Thus, three tests were carried out using the configuration mentioned above: In the first, 20 cm of thickness was fixed to the bottom (48–60 mm), 10 cm was fixed to the center (27–33 mm), and 10 cm was fixed to the top (16–20 mm). As a result, outgassing entered the tower from the stack. Thereafter, it comes into contact with the larger size gravel which partially obstructs the gas flow but makes passage difficult. The middle and upper sections of the gas flow continue, making the upward gas flow more difficult. In the second test, the larger size (48–60 mm) was completely removed from the bottom, and the two sizes (27–33 mm and 16–20 mm) were arranged with equal (20 cm) thickness between them. Removing the two types (27–33 mm and 16–20 mm) and filling the entire height (40 cm) with larger-sized (48–60 mm) gravels allowed for testing of the third. As a result, gases that have been emitted experience a reduction in their velocity, and the particulate matter becomes ensnared within the gravels. Simultaneously, water or a solution is directed downwards by a shower head, serving to cleanse each gravel and assimilate substances from the stream of gases.

3. Result and discussion

3.1. Kiln characteristics

The 1.25 m3 volumes and 18 cm wall thickness used in the construction of the brick kiln. This thickness does not meet the standard thickness required by kiln, which meant that in order to achieve proper carbonization; the kiln needed to be constructed using double bricks. For small-scale production, the majority of research reports utilized 30 cm–40 cm, and for commercial-scale production, 40 cm–50 cm. The efficiency of the kiln is impacted by thin wall heat loss. Due to considerable air escaping into the kiln, it consequently decreases charcoal yield and raises CO2 emissions. The Adam retort, with a 30–40% conversion rate, is one of the most effective kilns. Comparable to the Adam retort kiln, the currently constructed brick kiln has a conversion capacity of 38% at the specified condition. This might be as a result of the double-brick kiln wall's construction. This kiln still has a higher efficiency than conventional earth kilns (15–20%) [32], cassamance kilns (26–30%) [33], drum kilns (20–30%) [34], and portable metal kilns (26–30) [35]. This kiln is preferred by individuals who had been producing charcoal using the low-efficient kilns mentioned above and other similar ones due to its low cost.

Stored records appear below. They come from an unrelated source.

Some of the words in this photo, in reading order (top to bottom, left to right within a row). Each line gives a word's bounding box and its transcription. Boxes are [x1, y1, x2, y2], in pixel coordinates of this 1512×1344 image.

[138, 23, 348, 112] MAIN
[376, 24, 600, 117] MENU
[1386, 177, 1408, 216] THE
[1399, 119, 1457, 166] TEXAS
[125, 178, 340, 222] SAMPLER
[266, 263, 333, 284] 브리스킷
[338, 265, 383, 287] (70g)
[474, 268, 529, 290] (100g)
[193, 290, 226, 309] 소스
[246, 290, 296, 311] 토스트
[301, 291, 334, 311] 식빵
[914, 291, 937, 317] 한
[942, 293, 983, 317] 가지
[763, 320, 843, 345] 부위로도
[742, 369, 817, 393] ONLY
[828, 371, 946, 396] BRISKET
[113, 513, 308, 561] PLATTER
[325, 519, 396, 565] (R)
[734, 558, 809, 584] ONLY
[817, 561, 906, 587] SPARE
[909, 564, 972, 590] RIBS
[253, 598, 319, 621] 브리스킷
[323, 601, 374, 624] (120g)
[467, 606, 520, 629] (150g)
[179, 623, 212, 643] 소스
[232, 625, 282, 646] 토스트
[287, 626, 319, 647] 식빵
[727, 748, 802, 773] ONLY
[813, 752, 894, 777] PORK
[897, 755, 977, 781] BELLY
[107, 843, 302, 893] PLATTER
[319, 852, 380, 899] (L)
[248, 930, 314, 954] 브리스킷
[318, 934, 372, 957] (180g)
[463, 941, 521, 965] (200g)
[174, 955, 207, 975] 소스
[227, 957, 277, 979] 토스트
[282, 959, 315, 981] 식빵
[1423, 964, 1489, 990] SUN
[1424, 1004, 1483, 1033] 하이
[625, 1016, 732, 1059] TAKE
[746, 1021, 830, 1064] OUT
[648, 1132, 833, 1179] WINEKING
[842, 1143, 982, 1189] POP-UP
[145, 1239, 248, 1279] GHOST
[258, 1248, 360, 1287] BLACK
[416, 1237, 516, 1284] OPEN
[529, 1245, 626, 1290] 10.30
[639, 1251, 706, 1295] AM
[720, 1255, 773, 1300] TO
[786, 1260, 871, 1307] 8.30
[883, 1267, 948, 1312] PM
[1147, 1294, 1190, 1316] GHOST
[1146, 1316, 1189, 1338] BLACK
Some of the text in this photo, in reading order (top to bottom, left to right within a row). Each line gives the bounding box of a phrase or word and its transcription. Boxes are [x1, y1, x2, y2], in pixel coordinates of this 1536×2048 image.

3.2. Charcoal characteristics

It took 16 h to carbonise the material, then another day to cool it. A total of 2.6 bags weighing 31.6 kg each were used to collect the 85 kg of charcoal produced by this technique. Only core charcoal with an aggregate size of over 20 mm is taken into account for this weight. Ash weighted 1.8 kg, and the amount of charcoal having an aggregate size of less than 20 mm (fine charcoal) was 3.5 kg. As evidenced by here, eucalyptus globules make excellent firewood for making charcoal. This charcoal has a moisture content of 9%, which is within a range of typical charcoal moisture content reported to be (5–15%). Additionally, the ash content of currently produced charcoal was found to be 1.5% indicating a good charcoal. Basically, charcoal with lower ash content has higher heating value. Furthermore, since the charcoal yield from the Eucalyptus globules is deemed sufficient, it is possible to replace non-regenerating plants for the production of charcoal. The heating value of the charcoal produced from eucalyptus tree was determined to be 27.53 MJ/kg. This calorific value is comparable with the eucalyptus globules based charcoal's heating value found in the published literature. For instance, Jorge Gominho et al. reported 18.9 MJ/kg [36], Felix Charvet and coauthors reported 27.6 MJ/kg [37], Luciano E. Chiang et al.14.56 [38], heating value (26.69 MJ/kg) reported by Yoseph Shiferaw and coauthors [39].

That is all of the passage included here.